**RECORD SET:**
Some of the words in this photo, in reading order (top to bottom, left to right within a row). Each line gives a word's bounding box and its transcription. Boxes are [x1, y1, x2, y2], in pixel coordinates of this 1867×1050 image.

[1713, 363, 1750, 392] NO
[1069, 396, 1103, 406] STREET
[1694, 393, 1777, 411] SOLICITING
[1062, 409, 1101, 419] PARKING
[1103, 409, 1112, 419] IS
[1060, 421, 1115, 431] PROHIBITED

**TASK TO COMPLETE:** Repeat each of the records exactly as written.

**ANSWER BOX:**
Some of the words in this photo, in reading order (top to bottom, left to right within a row). Each line gives a word's bounding box and its transcription. Boxes are [x1, y1, x2, y2], in pixel coordinates of this 1867×1050 image.

[1713, 363, 1750, 392] NO
[1069, 396, 1103, 406] STREET
[1694, 393, 1777, 411] SOLICITING
[1062, 409, 1101, 419] PARKING
[1103, 409, 1112, 419] IS
[1060, 421, 1115, 431] PROHIBITED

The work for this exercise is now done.